■ About this exercise
Word for word, copy out the data below, omitting pictures.

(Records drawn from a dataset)
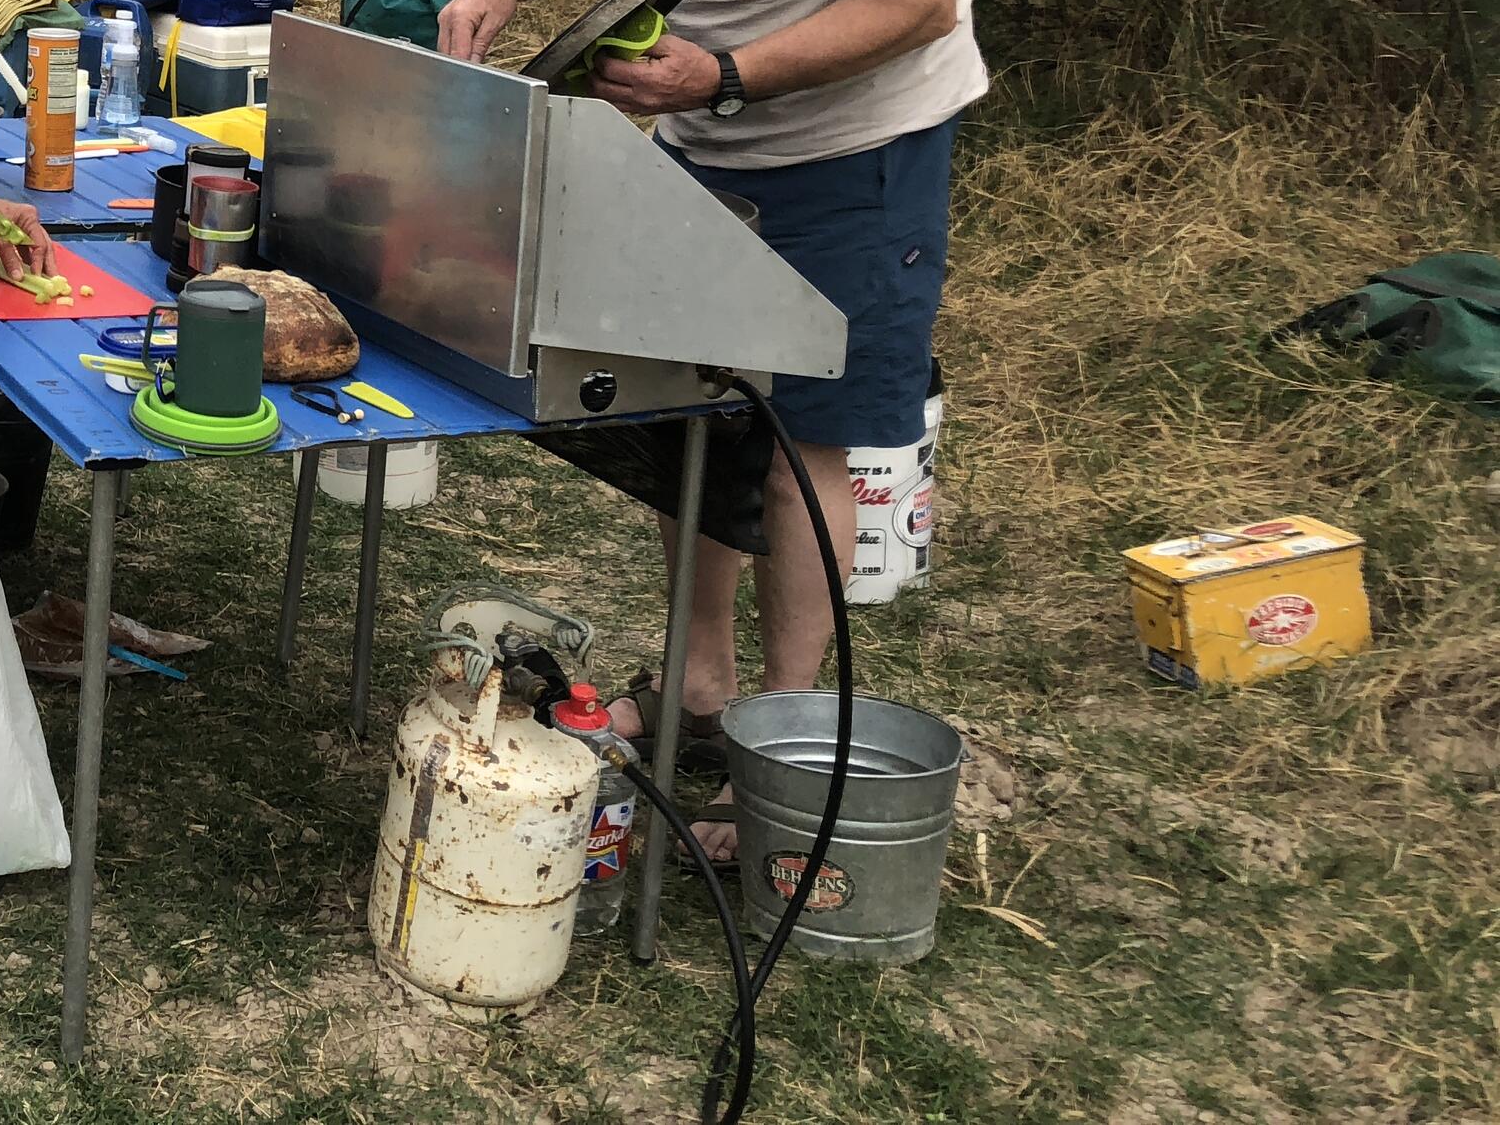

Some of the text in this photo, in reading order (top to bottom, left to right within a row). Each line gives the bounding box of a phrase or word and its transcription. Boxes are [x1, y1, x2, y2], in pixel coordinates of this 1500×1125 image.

[872, 467, 883, 475] IS
[884, 466, 892, 475] A
[855, 531, 881, 544] lue
[588, 829, 624, 849] zarka
[770, 863, 847, 893] BEHENS

■ Solution
Some of the text in this photo, in reading order (top to bottom, left to right within a row). Each line gives the bounding box of a phrase or word and its transcription. Boxes are [x1, y1, x2, y2], in pixel coordinates of this 1500×1125 image.

[872, 467, 883, 475] IS
[884, 466, 892, 475] A
[855, 531, 881, 544] lue
[588, 829, 624, 849] zarka
[770, 863, 847, 893] BEHENS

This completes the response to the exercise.